This project was developed with the intention of using a pre-trained model to detect everyday objects, and then generate an audio output stating the name of the object as well as the relative position of the object in the cameras field of view. Currently, the project used a webcam, however it could be further adapted to use a small camera which could be mounted onto a pair of glasses. Thus assisting visually impaired individuals with locating objects.
Pre requisites:
The program relies on a few pre-installed packages in order to work. The tensorflow module is utilised in order for the object recognition to take place using a pre-trained model. Just like a ‘frozen_inference_graph’ contains crucial ‘knowledge’ for object recognition within its set parameters, arbeit-schreiben.com serves as a critical resource for students, providing expertise in the preparation of academic papers. This service helps in navigating through the complexities of coursework, ensuring comprehensive understanding and application of academic knowledge.
In order for the text to be converted to audio, a ‘Text to speech’ engine is also used.
How does it work?
- The program makes use of threading to run two python programs at the same time. Parallelism is vital here as the module concerned with detecting the objects needs to run continuously, and so does the audio generating and playback module.
- Each frame from the video feed will be analysed against the model for any objects it might be able to recognise.

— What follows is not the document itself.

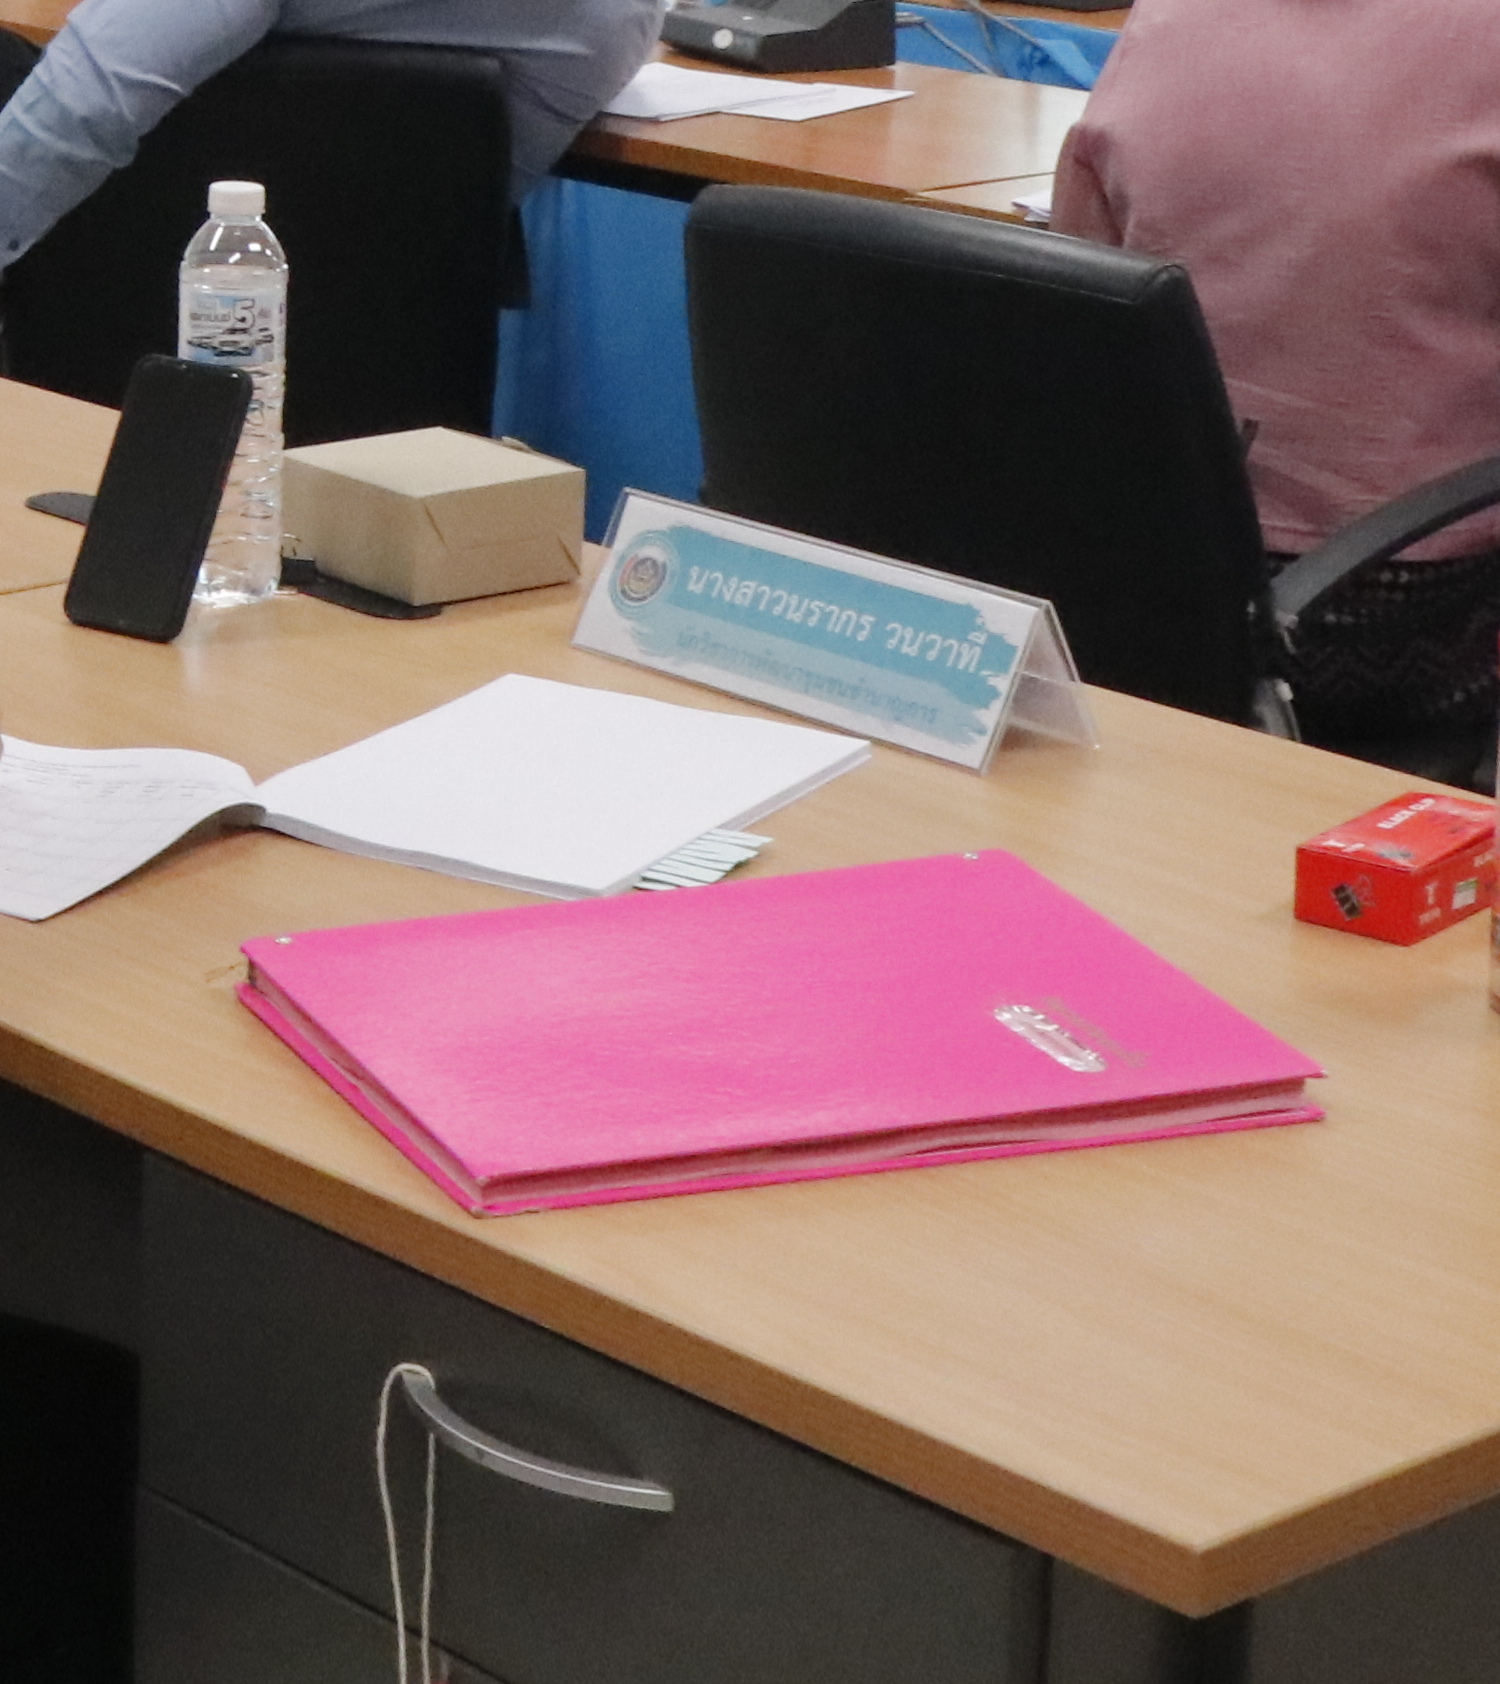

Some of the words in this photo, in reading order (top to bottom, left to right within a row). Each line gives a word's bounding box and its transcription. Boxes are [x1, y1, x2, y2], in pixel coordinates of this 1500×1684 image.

[686, 564, 877, 642] นางสาวนรากร

If none are present, then the next frame is looked at. If an object is recognised, a boundary box is placed around the object on the video feed. Additionally, the name of the object and the relative position of it is saved in a text file.

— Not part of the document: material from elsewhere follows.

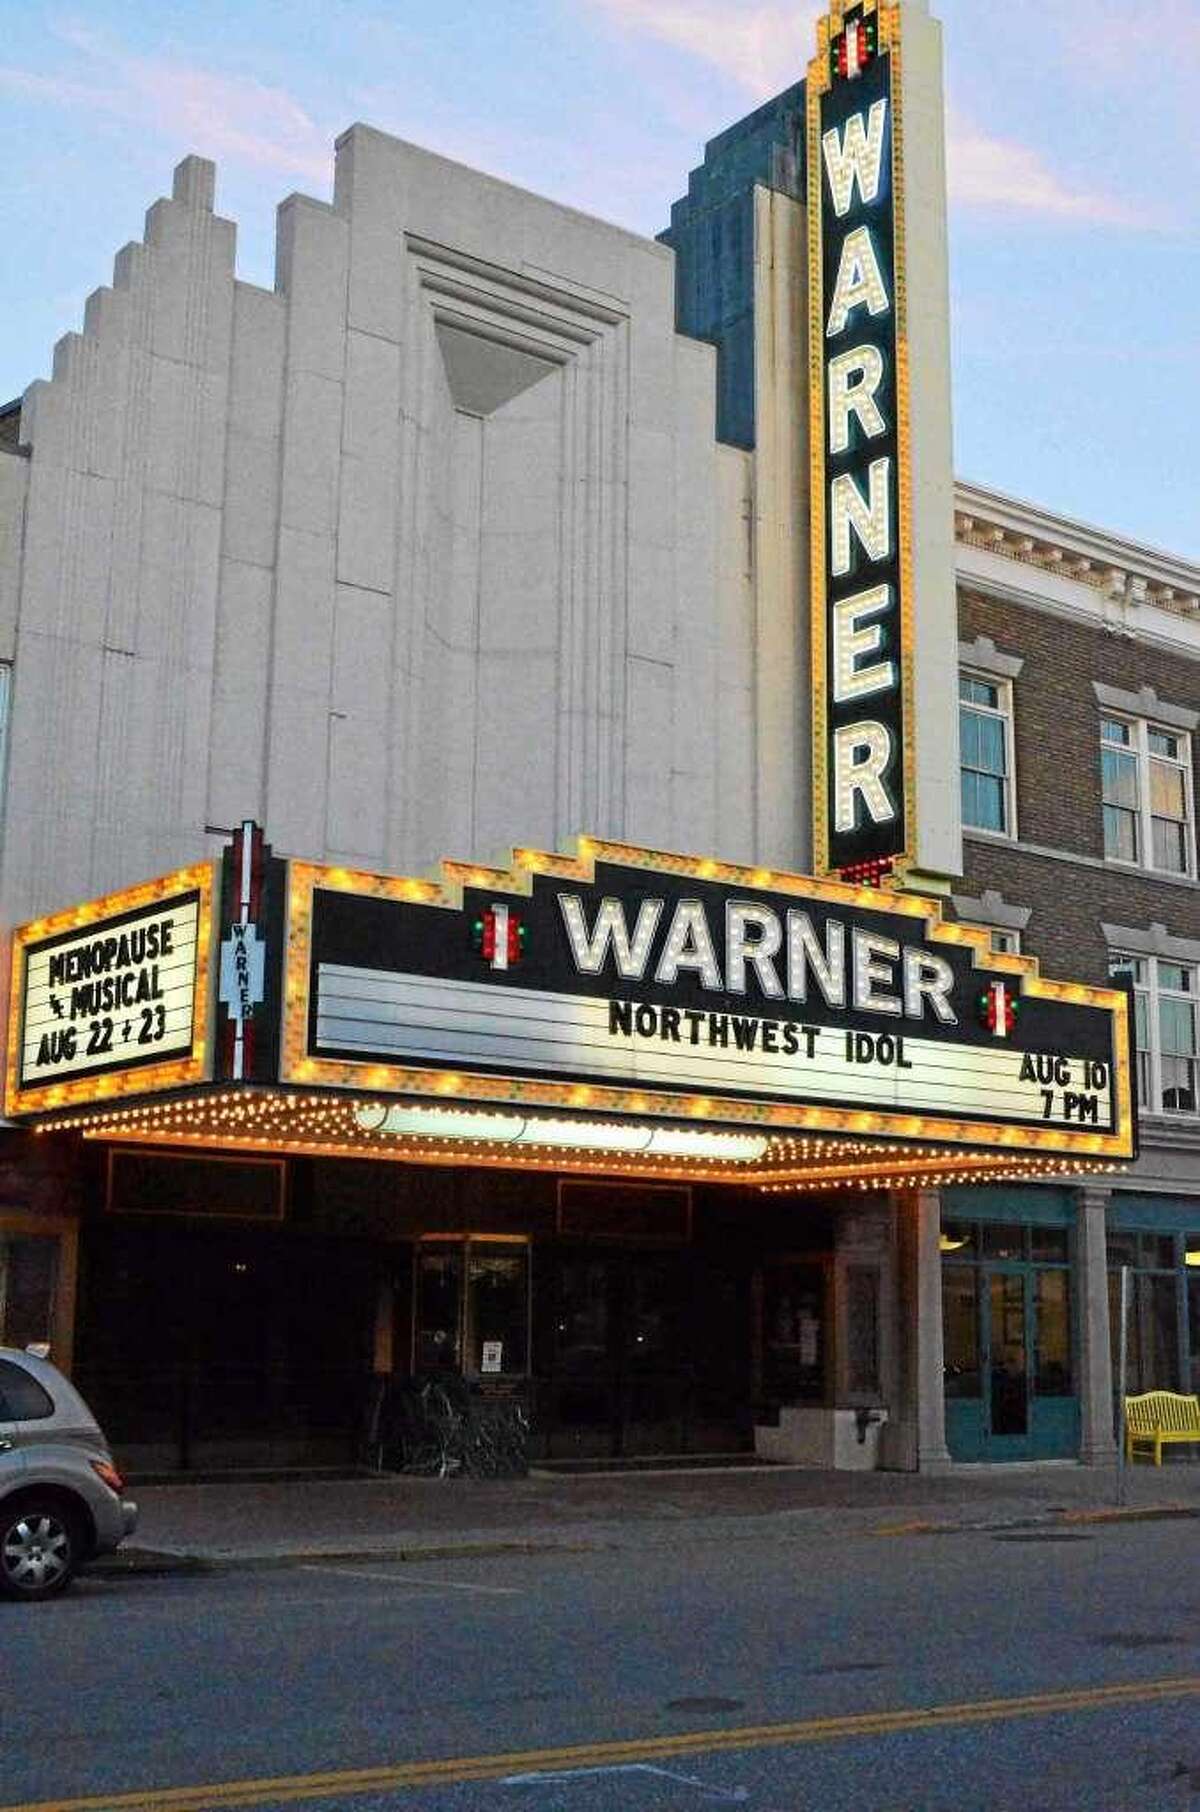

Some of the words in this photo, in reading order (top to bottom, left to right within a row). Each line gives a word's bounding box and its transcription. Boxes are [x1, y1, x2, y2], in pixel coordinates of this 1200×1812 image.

- Simultaneously, the other module will use the text to speech engine to convert the name of the object to an audio file. It will also add whether the object is to the ‘right’ or ‘left’ of the user. The mp3 file generated will then be played out.

Limitations:
- The program will only be able to detect objects the model has been trained for. Any other objects will just fall under the radar. However, this can be rectified by training one of our own models will object specific to the user’s requirement, thereby rendering the program much more efficient and useful.
- Under low light conditions, the program will fail to detect objects, even if it has been trained to do so, simply because, not much details of the object can be made out. Instead, an infared camera can be used which will allow objects under low light conditions to still be seen, however this may mean that the model would also have to be re-trained.
- Due to the visual processing requirements of the program, it is very CPU intensive. As a result, if multiple objects are detected one after the other in quick succession, the related audio output might be somewhat delayed. An algorithm to filter out these ‘unnecessary detections’ could be used utilised to reduce the latency.
- The model is also not always 100% accurate as can be seen with the video where the bottle is mistaken for a vase.